La Maison du Lion est un lieu de vie pour les personnes en soins palliatifs. Shizuku Omino, âgée de 33 ans et atteinte d’un cancer incurable a décidé de s’y retirer jusqu’à sa mort, interdisant toute visite. Et cette « maison » sera pour elle un lieu d’échanges et de rencontres inattendues. Ce sera aussi un lieu de « réparation » où elle pourra vivre ce qu’elle voulait vivre sans jamais avoir pu le faire jusqu’à présent. Ce sera surtout un lieu sans contraintes, un lieu de douceur, de petits plaisirs qui font avancer, un lieu où la gratitude nourrit la vie intérieure, un lieu où la colère laissera place à la tristesse, un lieu pour se retrouver soi-même ou plutôt se trouver soi-même en toute sincérité.


Indépendamment d’un contexte parfois idéalisé, l’auteur a su dépeindre avec justesse les émotions intenses et le cheminement singulier de son héroïne, le retour de l’infantile, l’aspiration au calme, au vrai, la persistance de l’espoir, mais aussi, la peur de la mort et l’impossibilité de s’y résoudre totalement ; autant de vécus quotidiennement présents en soins palliatifs.

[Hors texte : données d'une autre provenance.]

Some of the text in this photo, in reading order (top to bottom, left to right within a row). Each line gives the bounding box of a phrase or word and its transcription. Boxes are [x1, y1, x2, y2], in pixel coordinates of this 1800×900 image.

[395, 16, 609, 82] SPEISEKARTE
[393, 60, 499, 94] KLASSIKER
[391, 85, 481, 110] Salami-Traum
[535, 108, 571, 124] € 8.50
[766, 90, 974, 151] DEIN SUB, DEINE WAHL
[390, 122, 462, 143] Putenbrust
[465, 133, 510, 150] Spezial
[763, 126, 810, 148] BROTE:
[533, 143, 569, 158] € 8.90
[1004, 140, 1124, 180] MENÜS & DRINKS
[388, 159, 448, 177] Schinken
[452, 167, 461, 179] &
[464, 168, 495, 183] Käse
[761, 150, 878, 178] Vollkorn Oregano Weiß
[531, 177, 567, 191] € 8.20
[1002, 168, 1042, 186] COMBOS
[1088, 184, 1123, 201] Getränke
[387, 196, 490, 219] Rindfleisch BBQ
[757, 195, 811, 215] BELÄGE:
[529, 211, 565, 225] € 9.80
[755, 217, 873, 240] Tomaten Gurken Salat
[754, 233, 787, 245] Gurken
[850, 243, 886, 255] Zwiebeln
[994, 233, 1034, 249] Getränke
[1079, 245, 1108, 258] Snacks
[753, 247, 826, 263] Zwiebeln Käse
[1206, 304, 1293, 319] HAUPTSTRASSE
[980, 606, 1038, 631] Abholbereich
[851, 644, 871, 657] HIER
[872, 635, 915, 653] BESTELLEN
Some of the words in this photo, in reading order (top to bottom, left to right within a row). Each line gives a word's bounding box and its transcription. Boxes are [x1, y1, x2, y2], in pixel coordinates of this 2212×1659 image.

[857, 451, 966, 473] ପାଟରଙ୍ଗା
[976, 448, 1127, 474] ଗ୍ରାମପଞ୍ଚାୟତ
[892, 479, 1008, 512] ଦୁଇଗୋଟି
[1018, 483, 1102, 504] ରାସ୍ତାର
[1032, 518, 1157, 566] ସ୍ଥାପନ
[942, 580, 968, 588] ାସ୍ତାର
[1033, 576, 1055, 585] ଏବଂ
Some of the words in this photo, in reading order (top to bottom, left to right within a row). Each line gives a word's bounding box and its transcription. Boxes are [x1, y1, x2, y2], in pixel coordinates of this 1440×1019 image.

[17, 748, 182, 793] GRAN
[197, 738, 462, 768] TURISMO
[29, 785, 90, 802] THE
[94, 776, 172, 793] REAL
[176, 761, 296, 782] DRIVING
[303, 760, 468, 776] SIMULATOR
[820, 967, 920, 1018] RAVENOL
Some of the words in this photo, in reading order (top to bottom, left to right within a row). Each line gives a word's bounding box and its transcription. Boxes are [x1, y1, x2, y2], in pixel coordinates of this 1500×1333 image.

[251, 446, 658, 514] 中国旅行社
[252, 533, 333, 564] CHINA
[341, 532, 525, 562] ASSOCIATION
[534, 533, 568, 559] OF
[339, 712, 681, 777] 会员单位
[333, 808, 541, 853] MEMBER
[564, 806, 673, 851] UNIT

Par Béatrice Forest, psychologue clinicienne

Extrait

– Tu sais, j’ai hâte de découvrir ce qui va se passer après la mort… Je me demande ce qui va se passer pour moi, et cette idée m’angoisse un peu… mais j’ai commencé à me dire qu’il y a forcément des petits plaisirs qui m’attendent. Ça m’aide à avoir moins peur.

– Des petits plaisirs ?

– Oui, après la mort. Il y en a tout un tas, à la Maison du Lion. Comme la carotte suspendue devant le nez de l’âne pour le faire avancer… Donc, penser que ce genre de petits plaisirs m’attendent après la mort me donne l’impression d’être sauvée. Que je peux continuer d’avancer, parce que j’en ai envie. Alors, si tu acceptais de venir sur cette plage pour me faire signe de la main… si tu
pouvais m’en faire la promesse, ce serait une carotte pour moi …

– Mais à quel moment je devrai le faire ? …

– Disons, le 3ème jour après ma mort.


Attendre une semaine me paraissait trop long, mais le faire le lendemain me paraissait trop précipité. J’ai donc coupé la poire en deux.